INPUT DATA section start

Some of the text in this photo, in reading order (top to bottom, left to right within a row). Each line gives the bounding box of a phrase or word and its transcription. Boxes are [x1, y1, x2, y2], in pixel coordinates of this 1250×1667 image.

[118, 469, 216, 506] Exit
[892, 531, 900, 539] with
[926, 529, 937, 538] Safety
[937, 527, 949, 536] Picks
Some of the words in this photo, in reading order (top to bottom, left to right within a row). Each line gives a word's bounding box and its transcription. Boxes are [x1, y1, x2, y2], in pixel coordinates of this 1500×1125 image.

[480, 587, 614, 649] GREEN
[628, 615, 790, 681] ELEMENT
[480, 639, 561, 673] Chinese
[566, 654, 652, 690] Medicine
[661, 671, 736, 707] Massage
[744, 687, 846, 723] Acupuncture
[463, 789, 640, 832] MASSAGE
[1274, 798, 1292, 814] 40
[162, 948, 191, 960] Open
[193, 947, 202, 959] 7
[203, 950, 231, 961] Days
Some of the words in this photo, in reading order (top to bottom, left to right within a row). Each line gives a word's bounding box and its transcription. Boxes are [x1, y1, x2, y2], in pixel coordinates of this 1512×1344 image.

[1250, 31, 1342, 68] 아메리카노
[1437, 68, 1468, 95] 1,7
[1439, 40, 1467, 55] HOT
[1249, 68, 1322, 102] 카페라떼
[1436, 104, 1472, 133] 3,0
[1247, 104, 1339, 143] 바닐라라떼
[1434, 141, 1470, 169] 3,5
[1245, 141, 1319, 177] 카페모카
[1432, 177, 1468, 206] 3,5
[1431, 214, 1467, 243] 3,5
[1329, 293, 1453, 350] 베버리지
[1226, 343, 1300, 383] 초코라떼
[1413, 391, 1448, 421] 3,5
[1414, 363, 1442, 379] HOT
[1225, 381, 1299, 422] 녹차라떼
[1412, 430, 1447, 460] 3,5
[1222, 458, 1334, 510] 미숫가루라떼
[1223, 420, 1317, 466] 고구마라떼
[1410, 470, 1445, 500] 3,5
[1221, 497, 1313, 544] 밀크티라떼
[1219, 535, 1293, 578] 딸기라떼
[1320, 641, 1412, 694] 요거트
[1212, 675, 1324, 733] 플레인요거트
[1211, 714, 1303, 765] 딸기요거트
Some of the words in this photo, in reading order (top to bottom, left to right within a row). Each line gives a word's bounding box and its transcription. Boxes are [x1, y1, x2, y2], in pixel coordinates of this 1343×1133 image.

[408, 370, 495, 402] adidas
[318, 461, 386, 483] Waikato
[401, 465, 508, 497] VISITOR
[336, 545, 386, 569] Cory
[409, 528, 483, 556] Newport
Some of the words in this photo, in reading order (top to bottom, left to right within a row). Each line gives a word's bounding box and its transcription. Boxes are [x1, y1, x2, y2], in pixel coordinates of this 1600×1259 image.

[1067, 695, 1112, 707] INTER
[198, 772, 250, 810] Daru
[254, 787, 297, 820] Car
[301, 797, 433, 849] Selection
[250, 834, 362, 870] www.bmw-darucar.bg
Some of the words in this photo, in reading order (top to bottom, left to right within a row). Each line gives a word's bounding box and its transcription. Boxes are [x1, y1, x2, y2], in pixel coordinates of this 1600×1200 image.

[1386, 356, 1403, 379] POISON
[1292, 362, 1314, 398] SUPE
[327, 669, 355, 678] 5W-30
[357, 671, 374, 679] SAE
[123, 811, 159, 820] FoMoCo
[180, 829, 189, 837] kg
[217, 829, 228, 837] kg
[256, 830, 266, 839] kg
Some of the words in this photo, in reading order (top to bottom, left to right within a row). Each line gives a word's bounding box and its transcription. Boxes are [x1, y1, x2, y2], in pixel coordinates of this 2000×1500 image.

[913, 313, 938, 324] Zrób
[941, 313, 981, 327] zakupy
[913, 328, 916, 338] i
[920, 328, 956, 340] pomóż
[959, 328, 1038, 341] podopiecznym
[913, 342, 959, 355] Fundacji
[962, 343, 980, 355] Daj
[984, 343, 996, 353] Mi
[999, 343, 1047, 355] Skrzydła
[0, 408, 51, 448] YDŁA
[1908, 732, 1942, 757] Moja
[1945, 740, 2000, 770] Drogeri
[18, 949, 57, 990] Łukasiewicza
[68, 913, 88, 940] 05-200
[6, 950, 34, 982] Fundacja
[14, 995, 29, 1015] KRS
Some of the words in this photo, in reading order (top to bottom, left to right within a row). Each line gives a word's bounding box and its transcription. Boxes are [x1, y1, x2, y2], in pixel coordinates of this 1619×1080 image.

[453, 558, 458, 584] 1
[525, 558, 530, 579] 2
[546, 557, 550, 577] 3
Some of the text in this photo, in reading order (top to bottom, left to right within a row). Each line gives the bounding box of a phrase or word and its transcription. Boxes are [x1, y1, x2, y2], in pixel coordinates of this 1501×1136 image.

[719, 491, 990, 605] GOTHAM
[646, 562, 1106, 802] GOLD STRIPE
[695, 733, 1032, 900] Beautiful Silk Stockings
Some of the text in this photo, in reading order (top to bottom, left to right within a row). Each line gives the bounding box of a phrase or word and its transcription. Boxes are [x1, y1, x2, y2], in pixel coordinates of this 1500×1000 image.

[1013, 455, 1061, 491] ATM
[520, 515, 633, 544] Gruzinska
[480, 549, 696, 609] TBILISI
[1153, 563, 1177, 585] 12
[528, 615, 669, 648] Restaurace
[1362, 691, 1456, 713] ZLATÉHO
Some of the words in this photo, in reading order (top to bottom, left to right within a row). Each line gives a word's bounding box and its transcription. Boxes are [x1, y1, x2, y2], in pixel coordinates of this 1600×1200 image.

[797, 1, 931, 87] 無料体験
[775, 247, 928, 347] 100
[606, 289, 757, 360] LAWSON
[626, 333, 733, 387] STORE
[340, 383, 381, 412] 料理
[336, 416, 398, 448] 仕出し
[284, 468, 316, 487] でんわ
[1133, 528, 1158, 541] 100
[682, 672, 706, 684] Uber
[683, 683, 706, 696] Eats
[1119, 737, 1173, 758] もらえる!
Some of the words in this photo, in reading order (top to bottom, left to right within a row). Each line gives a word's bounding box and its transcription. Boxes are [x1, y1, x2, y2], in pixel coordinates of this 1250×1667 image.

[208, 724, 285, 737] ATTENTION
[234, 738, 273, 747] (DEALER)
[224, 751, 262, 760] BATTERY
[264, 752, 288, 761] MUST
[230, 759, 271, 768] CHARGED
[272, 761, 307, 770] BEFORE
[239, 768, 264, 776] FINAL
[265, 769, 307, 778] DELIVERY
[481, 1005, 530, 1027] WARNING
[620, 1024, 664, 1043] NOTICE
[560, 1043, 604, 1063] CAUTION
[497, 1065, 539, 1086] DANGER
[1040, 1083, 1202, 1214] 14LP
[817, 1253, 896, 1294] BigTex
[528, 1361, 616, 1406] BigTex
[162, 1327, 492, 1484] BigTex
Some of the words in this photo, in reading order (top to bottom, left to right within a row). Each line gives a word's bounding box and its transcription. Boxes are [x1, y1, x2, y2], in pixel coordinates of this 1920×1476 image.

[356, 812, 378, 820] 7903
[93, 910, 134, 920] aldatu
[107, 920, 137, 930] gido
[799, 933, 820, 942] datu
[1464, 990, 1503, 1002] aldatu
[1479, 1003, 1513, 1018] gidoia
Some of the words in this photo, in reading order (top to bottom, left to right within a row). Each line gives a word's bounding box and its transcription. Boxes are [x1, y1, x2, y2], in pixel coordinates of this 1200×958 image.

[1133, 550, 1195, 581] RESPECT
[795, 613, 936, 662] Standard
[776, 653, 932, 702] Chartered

INPUT DATA section end

- WORK ORDER: An exact copy of the entire material is required.

- THE ANSWER:
Some of the text in this photo, in reading order (top to bottom, left to right within a row). Each line gives the bounding box of a phrase or word and its transcription. Boxes are [x1, y1, x2, y2], in pixel coordinates of this 1250×1667 image.

[118, 469, 216, 506] Exit
[892, 531, 900, 539] with
[926, 529, 937, 538] Safety
[937, 527, 949, 536] Picks
Some of the words in this photo, in reading order (top to bottom, left to right within a row). Each line gives a word's bounding box and its transcription. Boxes are [x1, y1, x2, y2], in pixel coordinates of this 1500×1125 image.

[480, 587, 614, 649] GREEN
[628, 615, 790, 681] ELEMENT
[480, 639, 561, 673] Chinese
[566, 654, 652, 690] Medicine
[661, 671, 736, 707] Massage
[744, 687, 846, 723] Acupuncture
[463, 789, 640, 832] MASSAGE
[1274, 798, 1292, 814] 40
[162, 948, 191, 960] Open
[193, 947, 202, 959] 7
[203, 950, 231, 961] Days
Some of the words in this photo, in reading order (top to bottom, left to right within a row). Each line gives a word's bounding box and its transcription. Boxes are [x1, y1, x2, y2], in pixel coordinates of this 1512×1344 image.

[1250, 31, 1342, 68] 아메리카노
[1437, 68, 1468, 95] 1,7
[1439, 40, 1467, 55] HOT
[1249, 68, 1322, 102] 카페라떼
[1436, 104, 1472, 133] 3,0
[1247, 104, 1339, 143] 바닐라라떼
[1434, 141, 1470, 169] 3,5
[1245, 141, 1319, 177] 카페모카
[1432, 177, 1468, 206] 3,5
[1431, 214, 1467, 243] 3,5
[1329, 293, 1453, 350] 베버리지
[1226, 343, 1300, 383] 초코라떼
[1413, 391, 1448, 421] 3,5
[1414, 363, 1442, 379] HOT
[1225, 381, 1299, 422] 녹차라떼
[1412, 430, 1447, 460] 3,5
[1222, 458, 1334, 510] 미숫가루라떼
[1223, 420, 1317, 466] 고구마라떼
[1410, 470, 1445, 500] 3,5
[1221, 497, 1313, 544] 밀크티라떼
[1219, 535, 1293, 578] 딸기라떼
[1320, 641, 1412, 694] 요거트
[1212, 675, 1324, 733] 플레인요거트
[1211, 714, 1303, 765] 딸기요거트
Some of the words in this photo, in reading order (top to bottom, left to right within a row). Each line gives a word's bounding box and its transcription. Boxes are [x1, y1, x2, y2], in pixel coordinates of this 1343×1133 image.

[408, 370, 495, 402] adidas
[318, 461, 386, 483] Waikato
[401, 465, 508, 497] VISITOR
[336, 545, 386, 569] Cory
[409, 528, 483, 556] Newport
Some of the words in this photo, in reading order (top to bottom, left to right within a row). Each line gives a word's bounding box and its transcription. Boxes are [x1, y1, x2, y2], in pixel coordinates of this 1600×1259 image.

[1067, 695, 1112, 707] INTER
[198, 772, 250, 810] Daru
[254, 787, 297, 820] Car
[301, 797, 433, 849] Selection
[250, 834, 362, 870] www.bmw-darucar.bg
Some of the words in this photo, in reading order (top to bottom, left to right within a row). Each line gives a word's bounding box and its transcription. Boxes are [x1, y1, x2, y2], in pixel coordinates of this 1600×1200 image.

[1386, 356, 1403, 379] POISON
[1292, 362, 1314, 398] SUPE
[327, 669, 355, 678] 5W-30
[357, 671, 374, 679] SAE
[123, 811, 159, 820] FoMoCo
[180, 829, 189, 837] kg
[217, 829, 228, 837] kg
[256, 830, 266, 839] kg
Some of the words in this photo, in reading order (top to bottom, left to right within a row). Each line gives a word's bounding box and its transcription. Boxes are [x1, y1, x2, y2], in pixel coordinates of this 2000×1500 image.

[913, 313, 938, 324] Zrób
[941, 313, 981, 327] zakupy
[913, 328, 916, 338] i
[920, 328, 956, 340] pomóż
[959, 328, 1038, 341] podopiecznym
[913, 342, 959, 355] Fundacji
[962, 343, 980, 355] Daj
[984, 343, 996, 353] Mi
[999, 343, 1047, 355] Skrzydła
[0, 408, 51, 448] YDŁA
[1908, 732, 1942, 757] Moja
[1945, 740, 2000, 770] Drogeri
[18, 949, 57, 990] Łukasiewicza
[68, 913, 88, 940] 05-200
[6, 950, 34, 982] Fundacja
[14, 995, 29, 1015] KRS
Some of the words in this photo, in reading order (top to bottom, left to right within a row). Each line gives a word's bounding box and its transcription. Boxes are [x1, y1, x2, y2], in pixel coordinates of this 1619×1080 image.

[453, 558, 458, 584] 1
[525, 558, 530, 579] 2
[546, 557, 550, 577] 3
Some of the text in this photo, in reading order (top to bottom, left to right within a row). Each line gives the bounding box of a phrase or word and its transcription. Boxes are [x1, y1, x2, y2], in pixel coordinates of this 1501×1136 image.

[719, 491, 990, 605] GOTHAM
[646, 562, 1106, 802] GOLD STRIPE
[695, 733, 1032, 900] Beautiful Silk Stockings
Some of the text in this photo, in reading order (top to bottom, left to right within a row). Each line gives the bounding box of a phrase or word and its transcription. Boxes are [x1, y1, x2, y2], in pixel coordinates of this 1500×1000 image.

[1013, 455, 1061, 491] ATM
[520, 515, 633, 544] Gruzinska
[480, 549, 696, 609] TBILISI
[1153, 563, 1177, 585] 12
[528, 615, 669, 648] Restaurace
[1362, 691, 1456, 713] ZLATÉHO
Some of the words in this photo, in reading order (top to bottom, left to right within a row). Each line gives a word's bounding box and its transcription. Boxes are [x1, y1, x2, y2], in pixel coordinates of this 1600×1200 image.

[797, 1, 931, 87] 無料体験
[775, 247, 928, 347] 100
[606, 289, 757, 360] LAWSON
[626, 333, 733, 387] STORE
[340, 383, 381, 412] 料理
[336, 416, 398, 448] 仕出し
[284, 468, 316, 487] でんわ
[1133, 528, 1158, 541] 100
[682, 672, 706, 684] Uber
[683, 683, 706, 696] Eats
[1119, 737, 1173, 758] もらえる!
Some of the words in this photo, in reading order (top to bottom, left to right within a row). Each line gives a word's bounding box and its transcription. Boxes are [x1, y1, x2, y2], in pixel coordinates of this 1250×1667 image.

[208, 724, 285, 737] ATTENTION
[234, 738, 273, 747] (DEALER)
[224, 751, 262, 760] BATTERY
[264, 752, 288, 761] MUST
[230, 759, 271, 768] CHARGED
[272, 761, 307, 770] BEFORE
[239, 768, 264, 776] FINAL
[265, 769, 307, 778] DELIVERY
[481, 1005, 530, 1027] WARNING
[620, 1024, 664, 1043] NOTICE
[560, 1043, 604, 1063] CAUTION
[497, 1065, 539, 1086] DANGER
[1040, 1083, 1202, 1214] 14LP
[817, 1253, 896, 1294] BigTex
[528, 1361, 616, 1406] BigTex
[162, 1327, 492, 1484] BigTex
Some of the words in this photo, in reading order (top to bottom, left to right within a row). Each line gives a word's bounding box and its transcription. Boxes are [x1, y1, x2, y2], in pixel coordinates of this 1920×1476 image.

[356, 812, 378, 820] 7903
[93, 910, 134, 920] aldatu
[107, 920, 137, 930] gido
[799, 933, 820, 942] datu
[1464, 990, 1503, 1002] aldatu
[1479, 1003, 1513, 1018] gidoia
Some of the words in this photo, in reading order (top to bottom, left to right within a row). Each line gives a word's bounding box and its transcription. Boxes are [x1, y1, x2, y2], in pixel coordinates of this 1200×958 image.

[1133, 550, 1195, 581] RESPECT
[795, 613, 936, 662] Standard
[776, 653, 932, 702] Chartered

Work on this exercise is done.